Sin embargo, por lo visto hasta ahora en las dos carreras disputadas, esta quinta edición no parece que vaya a ser propicia para los colores hispanos. El circuito del desierto es quizás el peor para Alonso en su estado actual, ya que presenta unas características que son opuestas a lo que le convendría al Renault. Estar en la tercera parte de la calificación sería ya un éxito, y puntuar es el objetivo más ambicioso que se marca Alonso .
El trazado de Bahrein está enclavado en medio de la nada, con tormentas de arena que azotan regularmente la zona y que incluso el año pasado provocaron una situación inusual por la mañana, cuando no se veía ni la torre principal del circuito a pocas horas de iniciarse la carrera. Estas tormentas de arena dejan a lo largo del fin de semana una fina capa de arena sobre el asfalto que provoca un desgaste más acusado de los neumáticos en los monoplazas que peor explotan los Bridgestone, entre los que se encuentra el Renault R28.
A lo largo del fin de semana los frenos van a ser también uno de los elementos que más van sufrir en este circuito, donde hay pocas curvas rápidas y sí muchas de frenada y aceleración.
Después de que en Australia McLaren dominara claramente y en Malasia fuera Ferrari, Bahrein es el terreno ideal para el desempate.

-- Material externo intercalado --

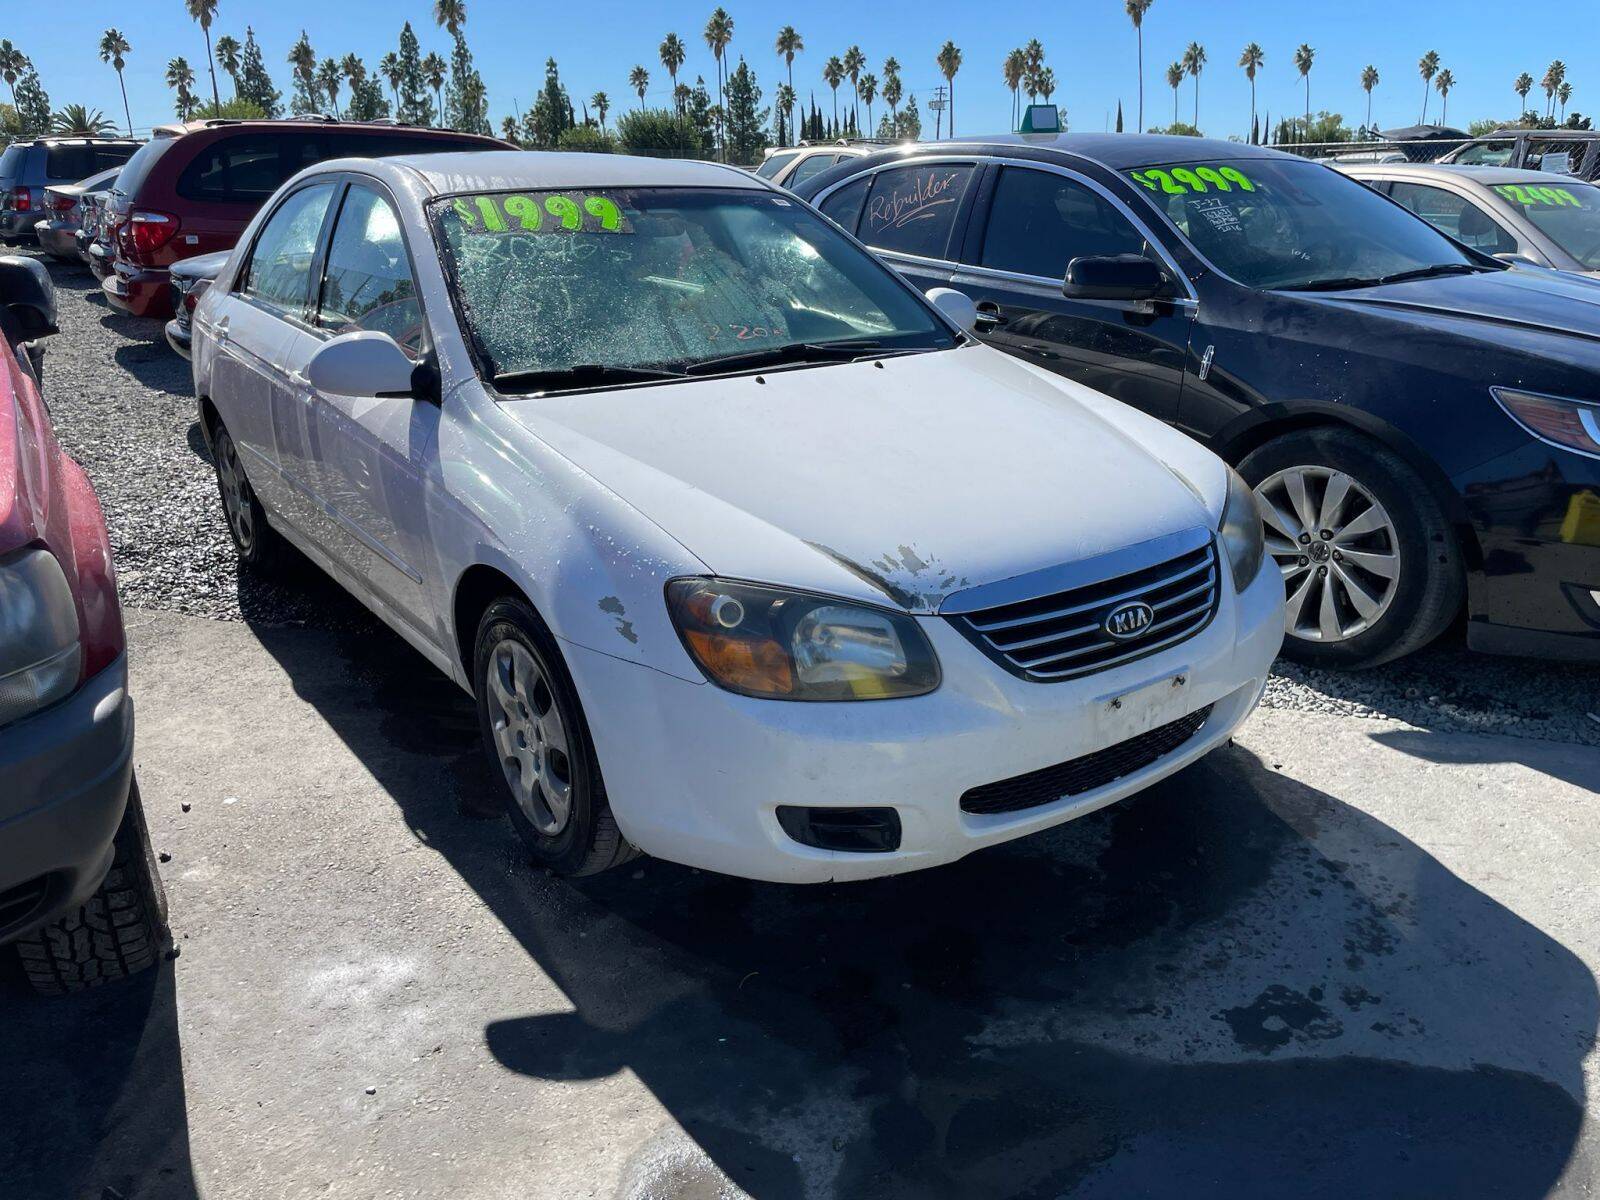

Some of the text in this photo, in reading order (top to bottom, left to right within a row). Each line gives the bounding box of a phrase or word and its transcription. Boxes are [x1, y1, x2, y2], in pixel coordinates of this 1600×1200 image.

La calificación está alcanzando una gran importancia este año, y no parece que el cambio en el formato haya alterado las posibilidades de los favoritos, que siguen siendo los mismos.
Alonso tiene claras las cosas este año, y quizás por eso se le ve tan relajado y contento. No tiene la presión de ganar, pero él se presiona solo para no verse superado por los demás, aunque este año va a tener que sufrir y él lo sabe.